Text-to-region grounding data:
______

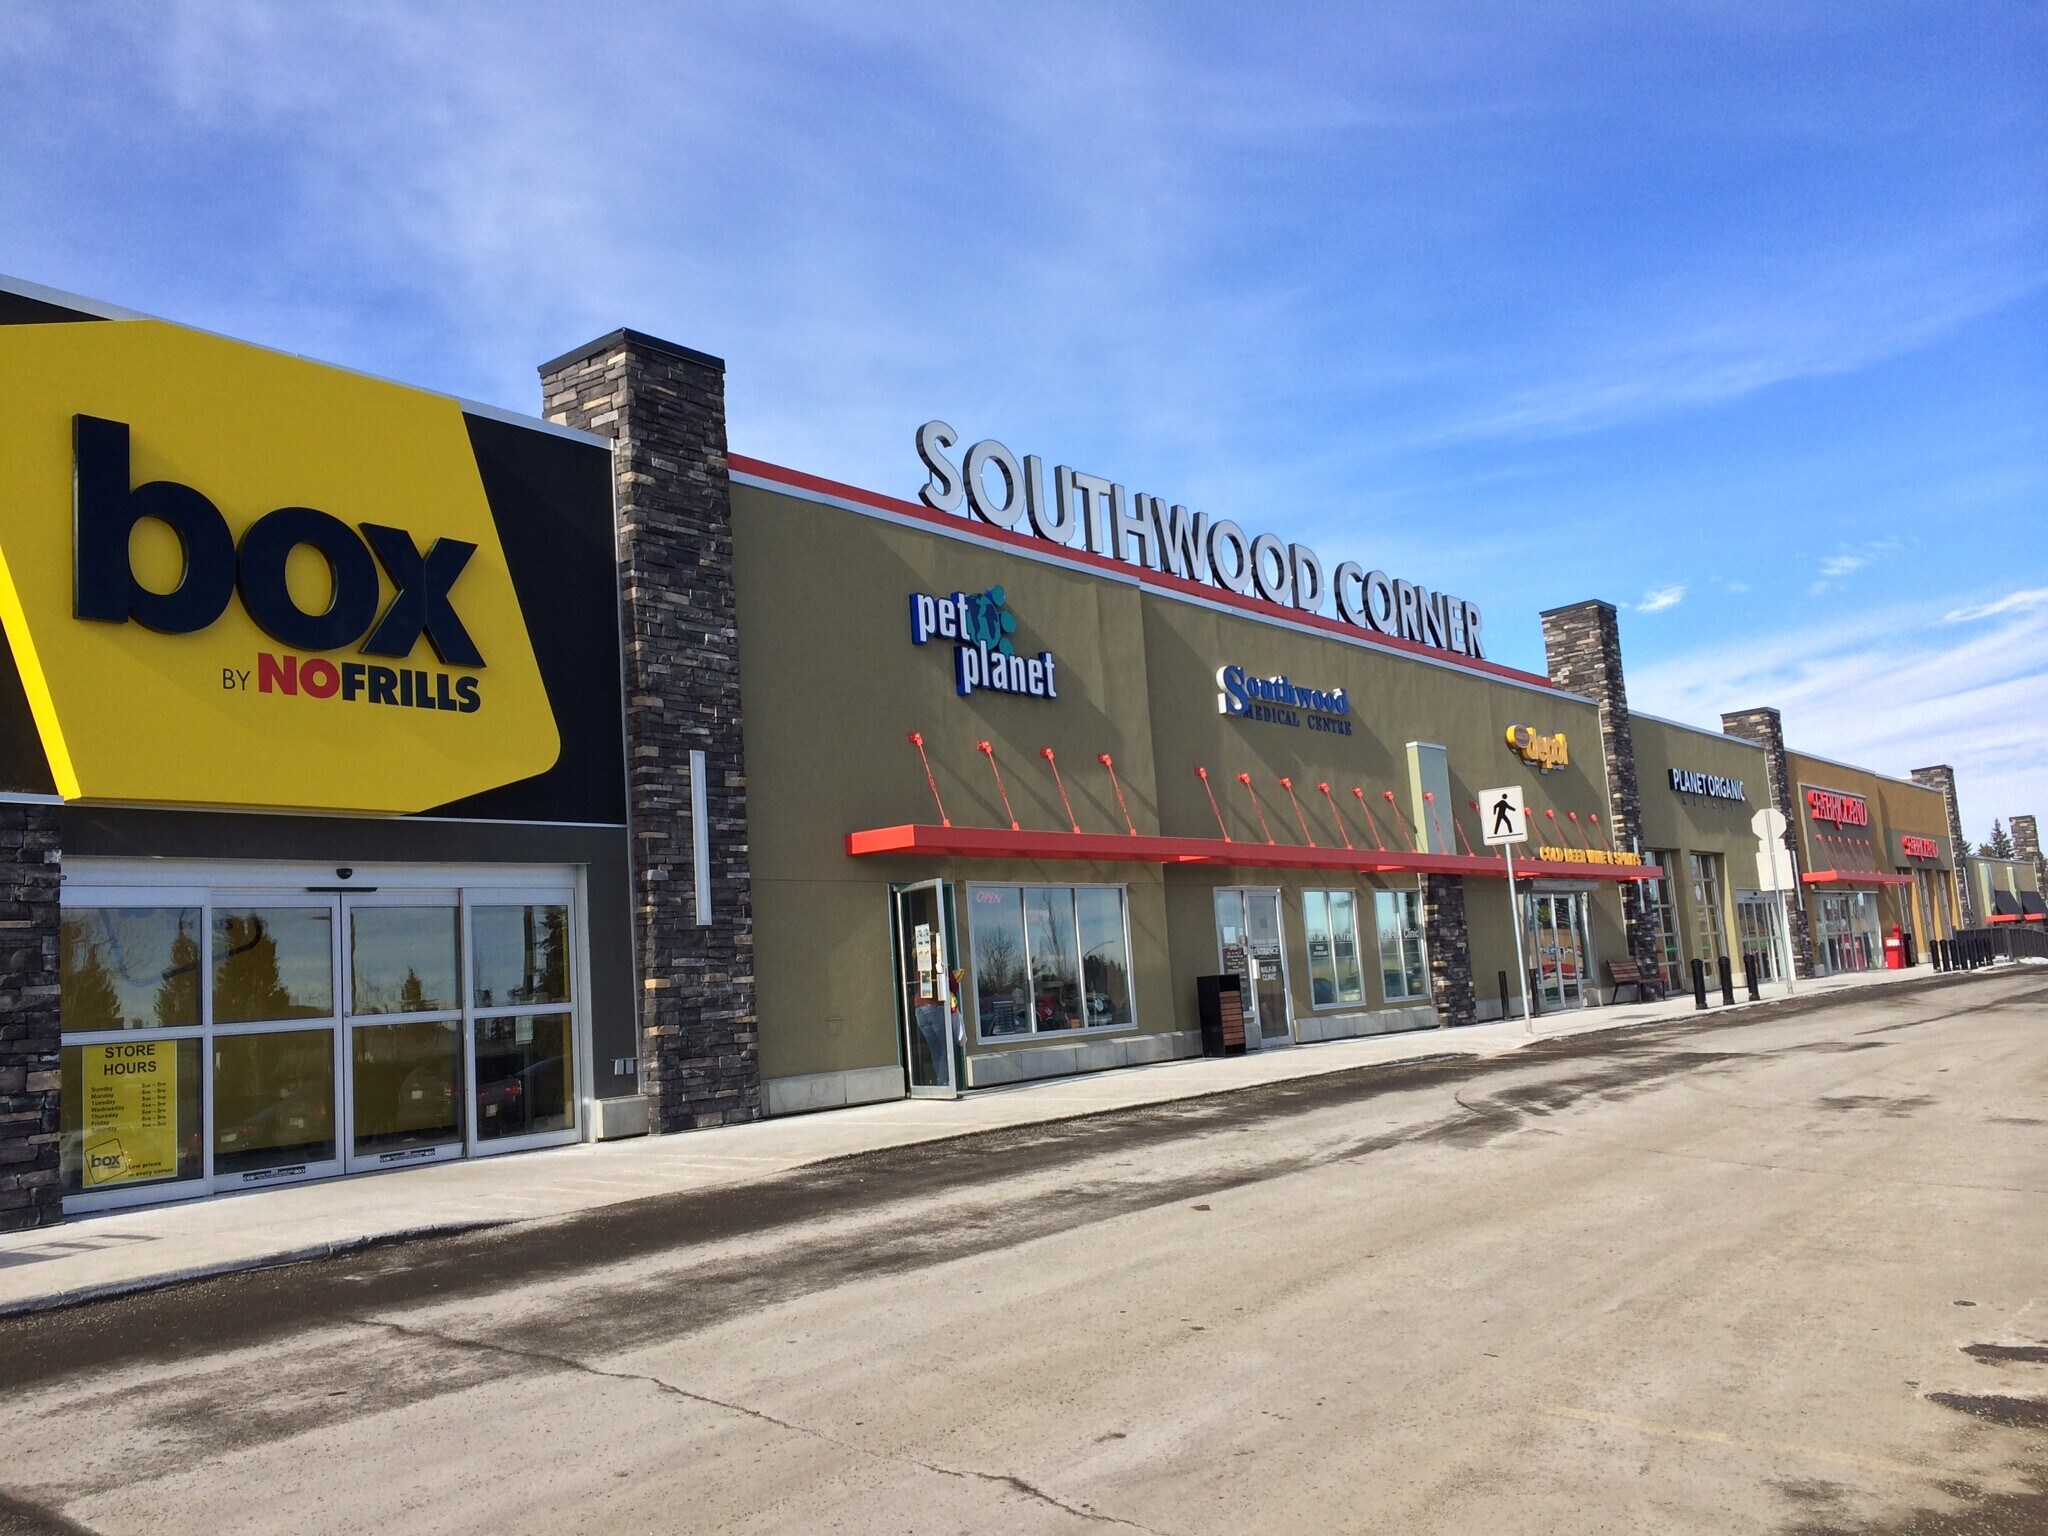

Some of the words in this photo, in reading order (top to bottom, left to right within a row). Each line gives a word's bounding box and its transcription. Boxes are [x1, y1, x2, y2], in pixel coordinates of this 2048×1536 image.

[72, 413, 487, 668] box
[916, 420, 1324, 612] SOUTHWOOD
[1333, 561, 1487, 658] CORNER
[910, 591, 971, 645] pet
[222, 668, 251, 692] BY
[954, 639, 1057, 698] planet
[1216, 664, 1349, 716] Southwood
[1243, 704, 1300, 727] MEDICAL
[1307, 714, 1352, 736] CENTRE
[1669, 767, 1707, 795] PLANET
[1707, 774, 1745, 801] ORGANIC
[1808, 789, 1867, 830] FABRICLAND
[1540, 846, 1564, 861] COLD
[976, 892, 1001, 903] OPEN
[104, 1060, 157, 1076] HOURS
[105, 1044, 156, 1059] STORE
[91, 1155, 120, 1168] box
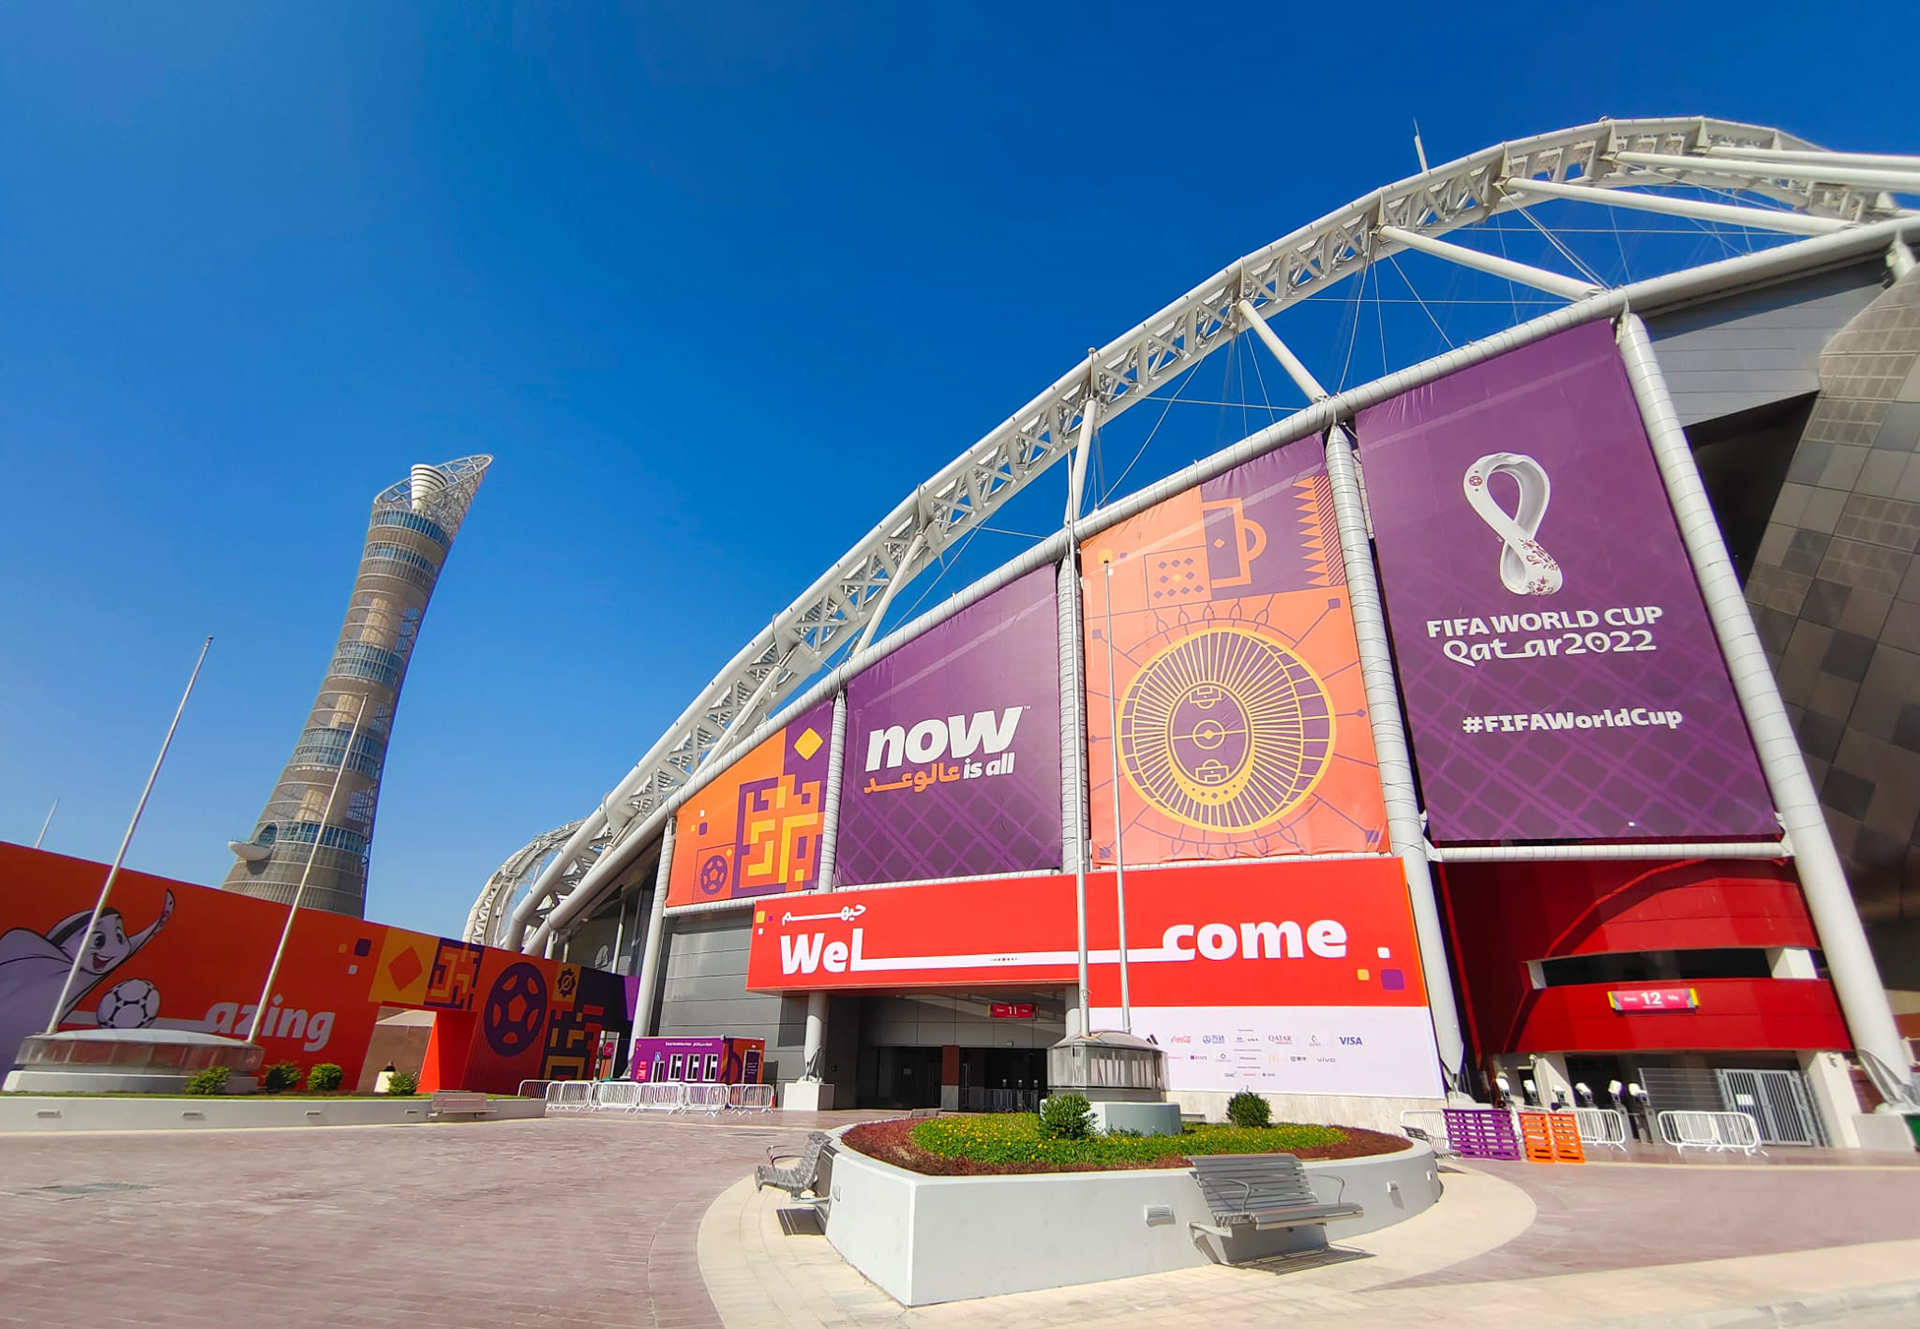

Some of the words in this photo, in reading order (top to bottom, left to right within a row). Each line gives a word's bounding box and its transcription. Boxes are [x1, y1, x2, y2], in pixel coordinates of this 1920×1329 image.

______

Brief: Only the records, copied exactly and without pictures, should make up the answer.

Output of the exercise:
Some of the words in this photo, in reading order (top to bottom, left to right within a row). Each line gives a word's bounding box and its transcription. Boxes are [x1, y1, x2, y2], in pixel coordinates of this 2048×1536 image.

[72, 413, 487, 668] box
[916, 420, 1324, 612] SOUTHWOOD
[1333, 561, 1487, 658] CORNER
[910, 591, 971, 645] pet
[222, 668, 251, 692] BY
[954, 639, 1057, 698] planet
[1216, 664, 1349, 716] Southwood
[1243, 704, 1300, 727] MEDICAL
[1307, 714, 1352, 736] CENTRE
[1669, 767, 1707, 795] PLANET
[1707, 774, 1745, 801] ORGANIC
[1808, 789, 1867, 830] FABRICLAND
[1540, 846, 1564, 861] COLD
[976, 892, 1001, 903] OPEN
[104, 1060, 157, 1076] HOURS
[105, 1044, 156, 1059] STORE
[91, 1155, 120, 1168] box

Some of the words in this photo, in reading order (top to bottom, left to right within a row). Each line gives a word's bounding box and its transcription. Boxes are [x1, y1, x2, y2], in pixel coordinates of this 1920×1329 image.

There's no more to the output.